▶ [TASK TO COMPLETE]
An image-free reproduction of the data below is needed: print it exactly.

INFORMATION SUPPLIED below:

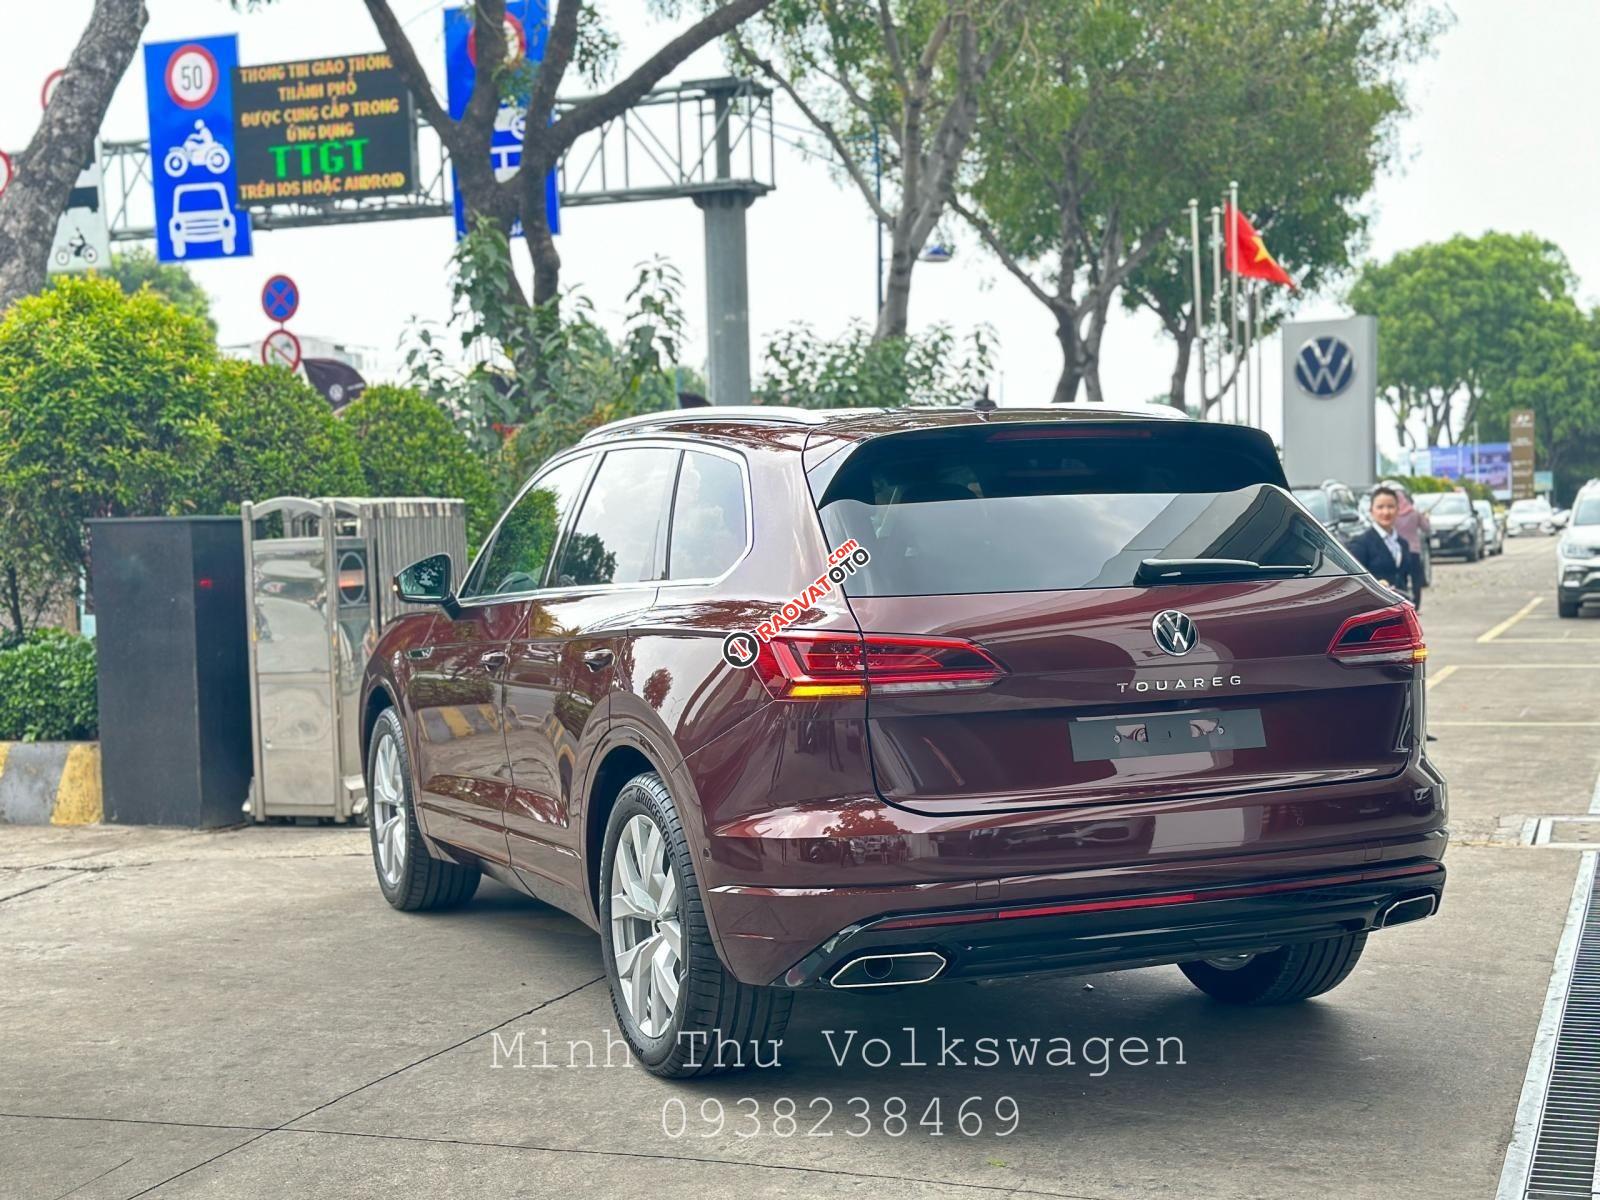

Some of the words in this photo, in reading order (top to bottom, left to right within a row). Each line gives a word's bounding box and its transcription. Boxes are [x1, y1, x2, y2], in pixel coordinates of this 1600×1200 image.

[181, 65, 203, 90] 50
[311, 58, 345, 77] GIAO
[283, 105, 319, 122] CUNG
[352, 98, 399, 116] TRONG
[268, 137, 369, 178] TTGT
[344, 172, 405, 191] ANDROID
[1117, 675, 1241, 693] TOUAREG

End of INFORMATION SUPPLIED.

▶ [ANSWER FOR THE TASK]
Some of the words in this photo, in reading order (top to bottom, left to right within a row). Each line gives a word's bounding box and its transcription. Boxes are [x1, y1, x2, y2], in pixel coordinates of this 1600×1200 image.

[181, 65, 203, 90] 50
[311, 58, 345, 77] GIAO
[283, 105, 319, 122] CUNG
[352, 98, 399, 116] TRONG
[268, 137, 369, 178] TTGT
[344, 172, 405, 191] ANDROID
[1117, 675, 1241, 693] TOUAREG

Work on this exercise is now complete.